Ce jour-là, nous avons épuisé pratiquement tout notre stock médical. Nous avons utilisé près de 80 % du matériel médical et chirurgical. Aujourd’hui, nous n’avons quasiment plus aucun cathéter veineux. Nous faisons notre possible pour remédier à cette pénurie, mais c’est quasi mission impossible, vu le blocus et les barrages routiers. Pour pallier cette pénurie, il va nous falloir beaucoup de patience et de nombreux efforts. A cause du siège de la zone, nous ne recevons pratiquement plus aucun don. Certains hôpitaux de la région nous ont prêté une partie de leurs stocks, mais c’est insuffisant. Nous osons à peine imaginer ce que nous pourrions faire si nous étions confrontés à une nouvelle urgence de ce type.
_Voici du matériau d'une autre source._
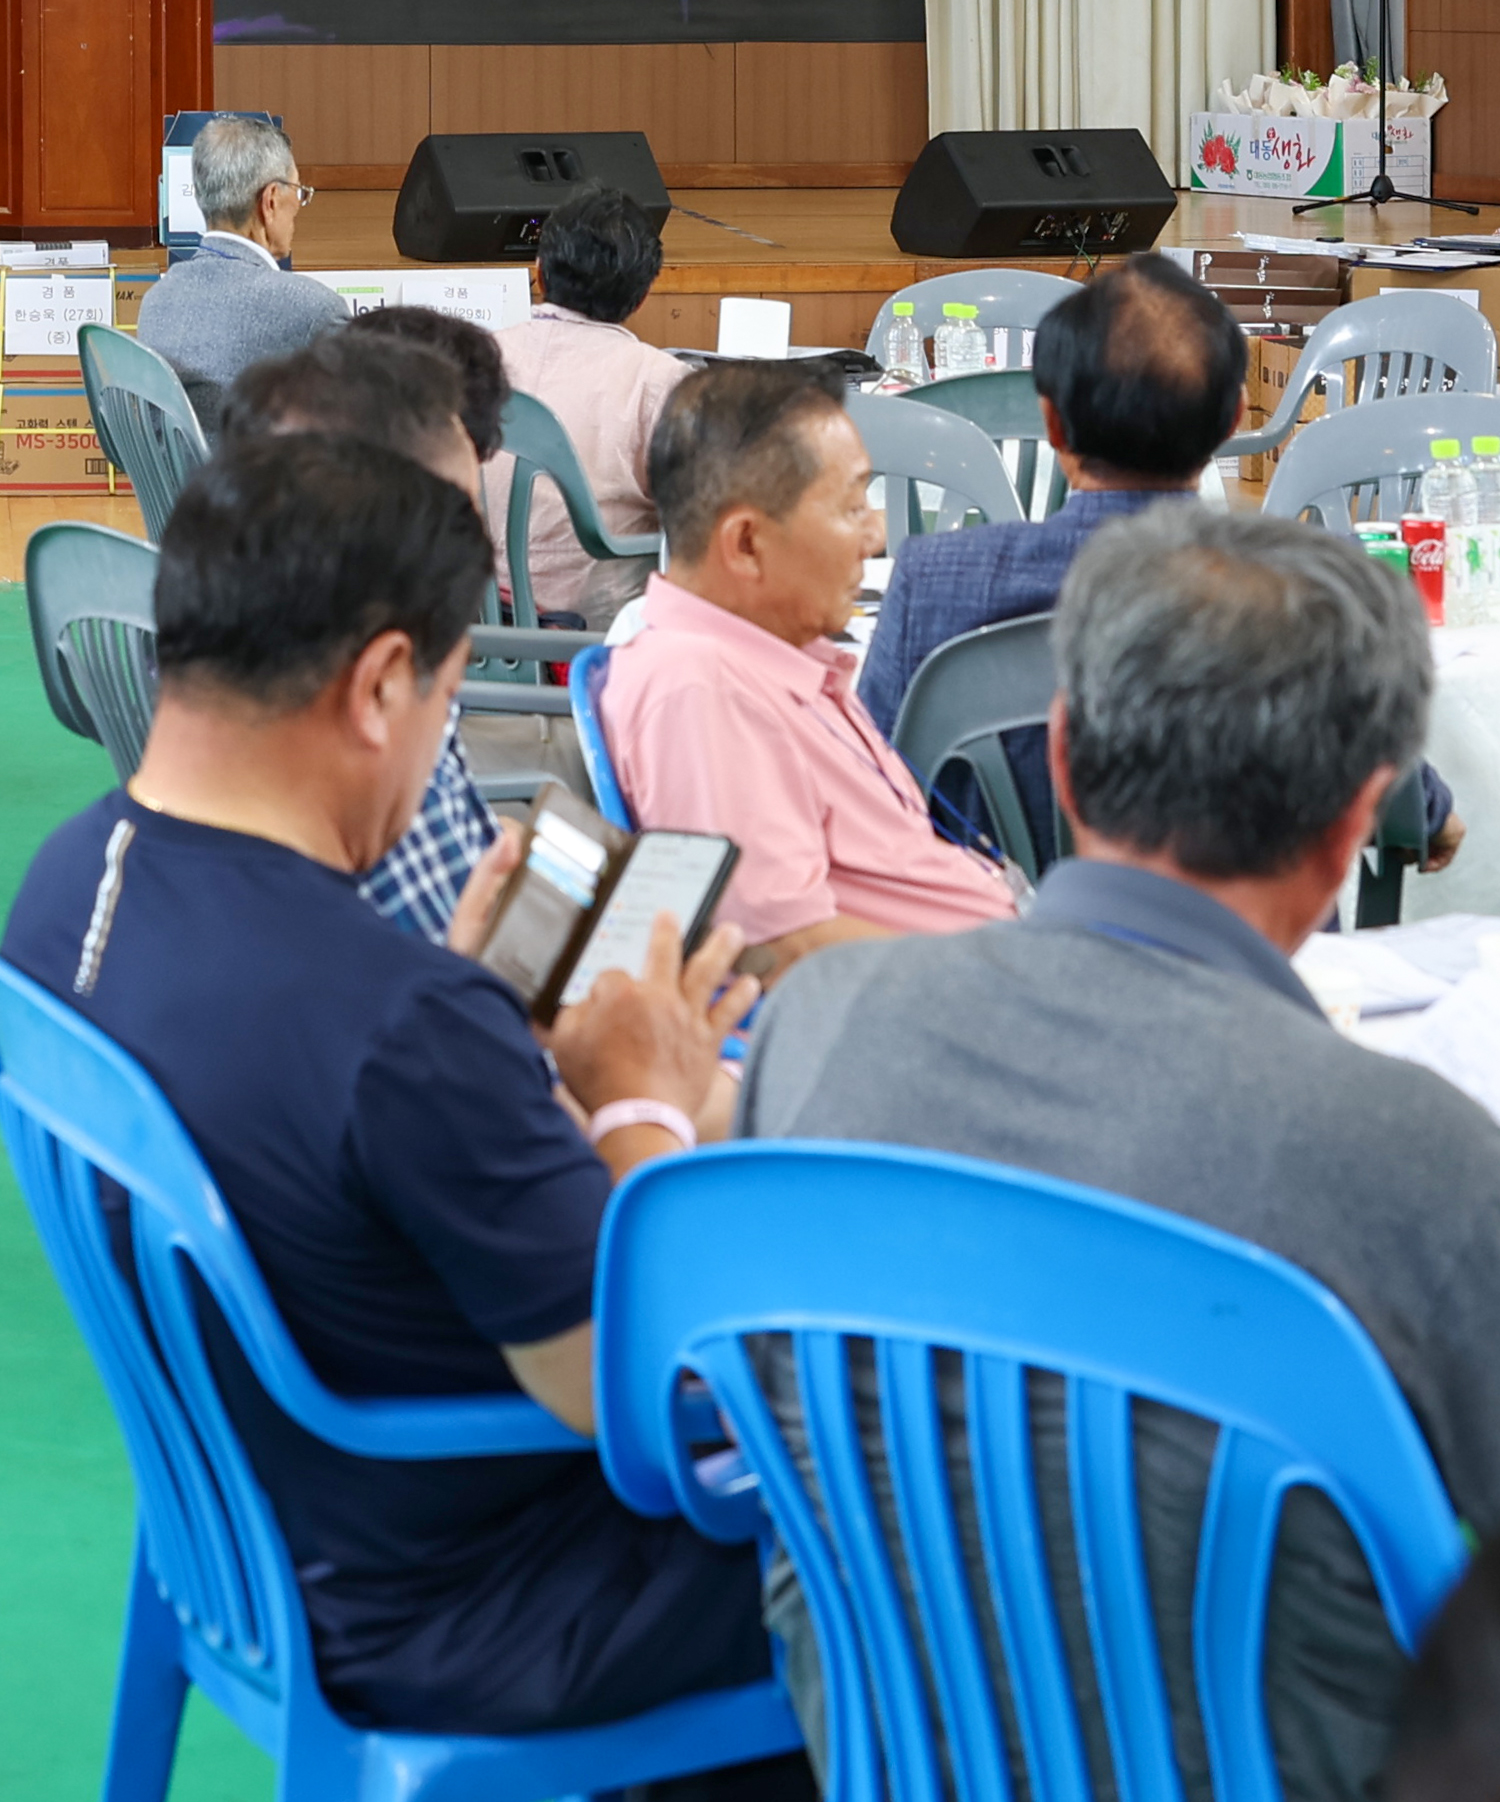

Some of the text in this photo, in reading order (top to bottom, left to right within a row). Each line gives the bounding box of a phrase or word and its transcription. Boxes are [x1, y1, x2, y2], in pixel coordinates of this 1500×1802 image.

[14, 308, 104, 322] 한승욱 (27회)
[47, 331, 71, 345] (증)
Le monde est resté les bras croisés pendant des années. La situation médicale et les conditions de vie générales sont devenues totalement intenables. Pourtant, cela fait longtemps que nous avons tiré la sonnette d’alarme, en vain.
À travers son programme de soutien médical d’urgence, MSF approvisionne en matériel médical une centaine d’hôpitaux et de postes médicaux syriens, principalement dans les zones assiégées, pour garantir une offre de soins aux victimes du conflit. Néanmoins, les attaques répétées entraînent des blessures massives et une pénurie de fournitures médicales auxquelles nous avons peine à répondre, malgré nos efforts.
Ces quatre derniers mois, nos équipes ont été en contact, quotidiennement ou de manière hebdomadaire, avec les secouristes ou le personnel médical des hôpitaux soutenus par l’organisation. Les bombardements se sont intensifiés dans la région assiégée de la Ghouta orientale, et avec eux, les besoins médicaux de la population.